My husband, George, who views any activist on any side of the fence with raised eyebrows, admires Elaine. And my father has regaled Elaine with his borsht belt jokes. The fact that she laughed uproariously, clearly proves (at least to him) her discerning mind.
This book came to my attention because Elaine co-wrote it. But I would not review it if I hated it. Actually, I loved it and maybe you will too--although it may become a reference book for you, rather than something to read cover-to-cover as I did. To put it another way, I will compliment the book in the way that my mother complimented my marriage to George,
"I am so glad I did not have to force myself to like it!"
But I digress. Now on with the review:
The title of this book , Wherever There's A Fight, comes from the speech made by Tom Joad, the itinerant, downtrodden, Jesus-like farmworker in John Steinbeck's novel The Grapes of Wrath. Just as he flees into the night, pursued by the law, Tom tells his saintly mother where she can find him:
"Wherever they's a fight so hungry people can eat, I'll be there. Wherever they's a cop beatin' up a guy, I'll be there...I'll be in the way guys yell when they're mad an'--I'll be in the way kids laugh when they're hungry an' they know supper's ready. An' when our folks eat the stuff they raise an' live in the houses they build--why, I'll be there."
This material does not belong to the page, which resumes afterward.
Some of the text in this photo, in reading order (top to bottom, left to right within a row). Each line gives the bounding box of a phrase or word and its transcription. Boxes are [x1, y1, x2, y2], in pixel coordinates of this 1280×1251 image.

But Tom is a fictional character and this well researched, well written "alternative history" book, highlights real people. Some are famous and some are lesser known--but all of them worked to change social values and the legislation of social values a.k.a. the American legal system.
The book is divided into chapters covering issues including the rights of workers, the rights of immigrants, the right to free expression, gay rights, and the rights of people with disabilities. This is a mostly chronological history of civil liberties in California--starting with Chapter One--Staking Our Claim--the law in early California. Guess what? The law in early California was vigilante law.
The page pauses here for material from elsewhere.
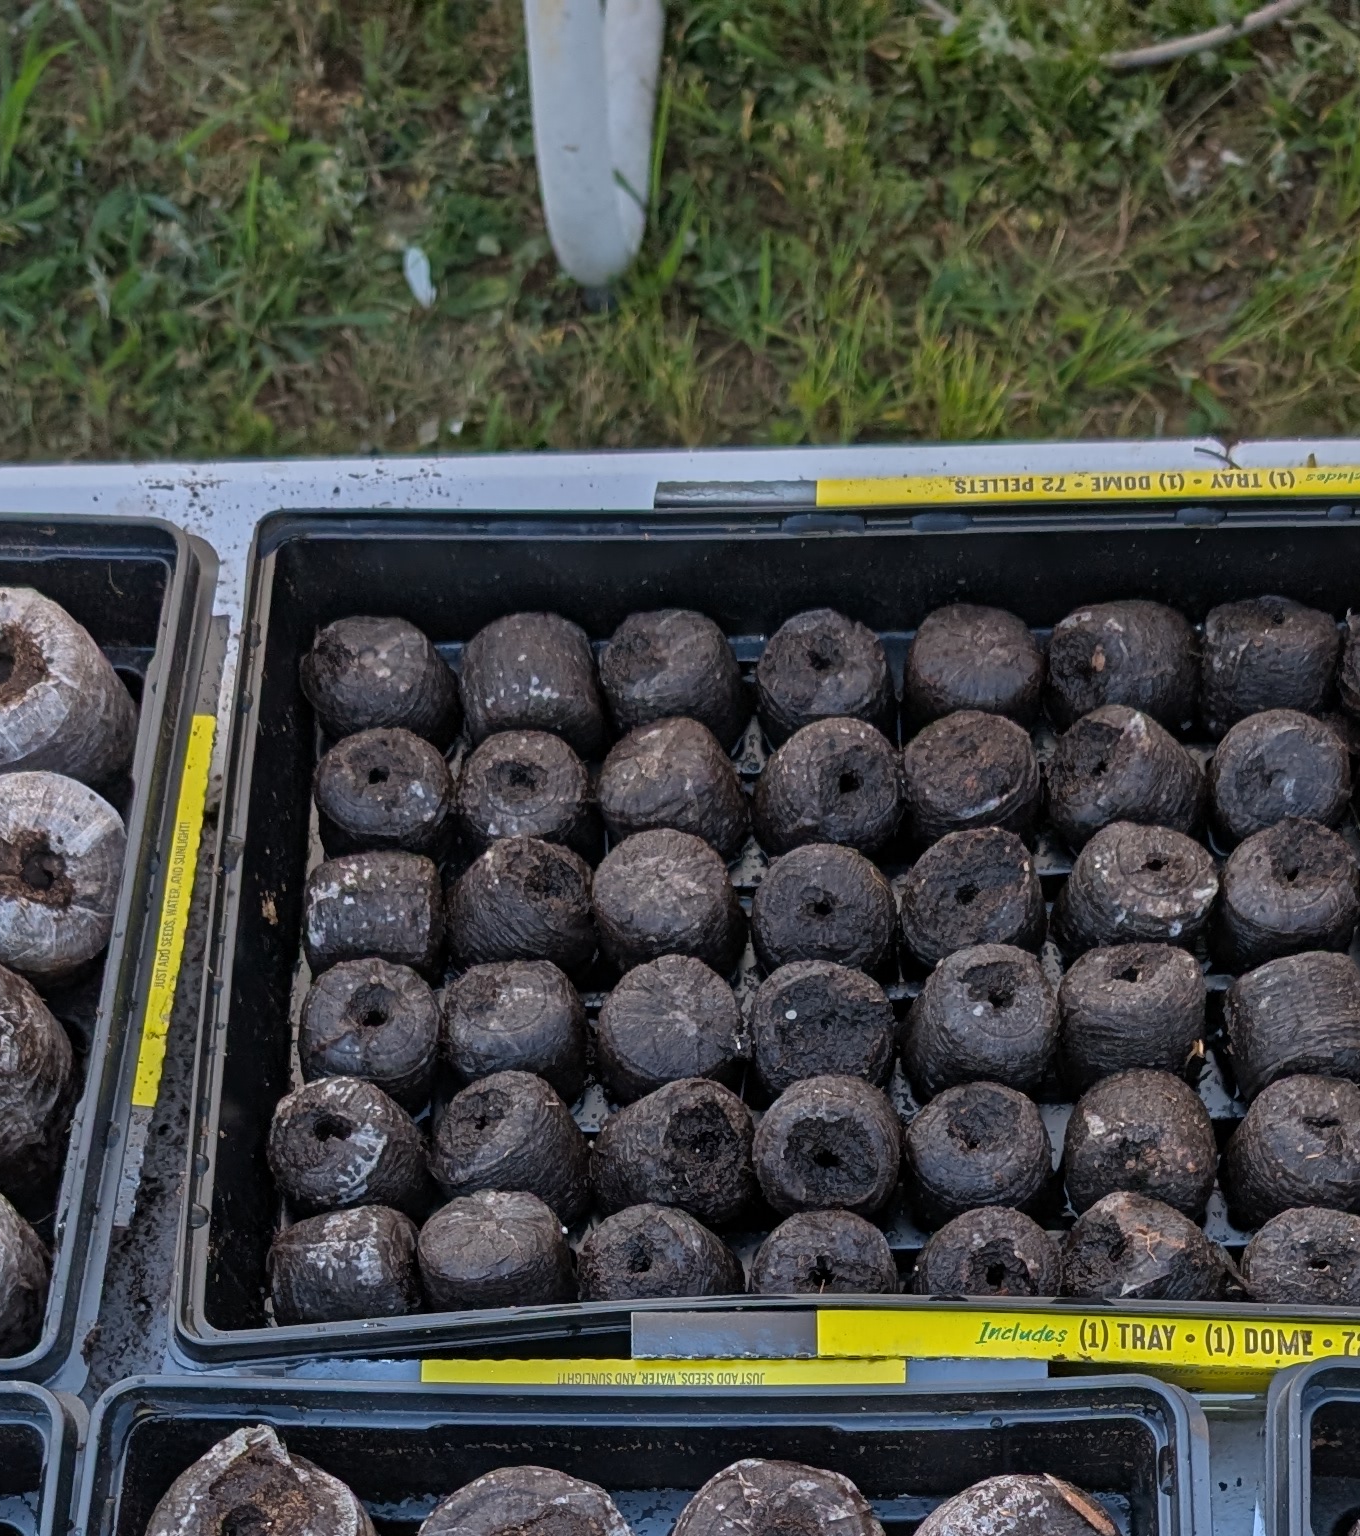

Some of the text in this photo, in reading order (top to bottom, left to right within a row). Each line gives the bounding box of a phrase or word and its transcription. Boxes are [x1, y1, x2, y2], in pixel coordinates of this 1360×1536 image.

As a librarian, I loved that Chapter Seven, "Mightier Than the Sword" opens with the lines, "When Kern County librarian Gretchen Knief returned home for her vacation in August 1939, the familiar landscape was attracting national attention. The rich agricultural San Joaquin Valley, where Knief lived, was the setting of John Steinbeck's best-selling novel The Grapes of Wrath."
On Gretchen's desk was "an August 21 resolution from the Kern County Board of Supervisors ordering the book removed from the library shelves because it "offended our citizens by falsely implying that man of our find people are shallow, ignorant, profane and blasphemous types, living in a vicious filthy manner."
Knief fought the ban in court, but it was upheld until January 1941. Still there is her letter to the board of supervisors that says, "If the book is banned today, what book will be banned tomorrow? And... the day after that?"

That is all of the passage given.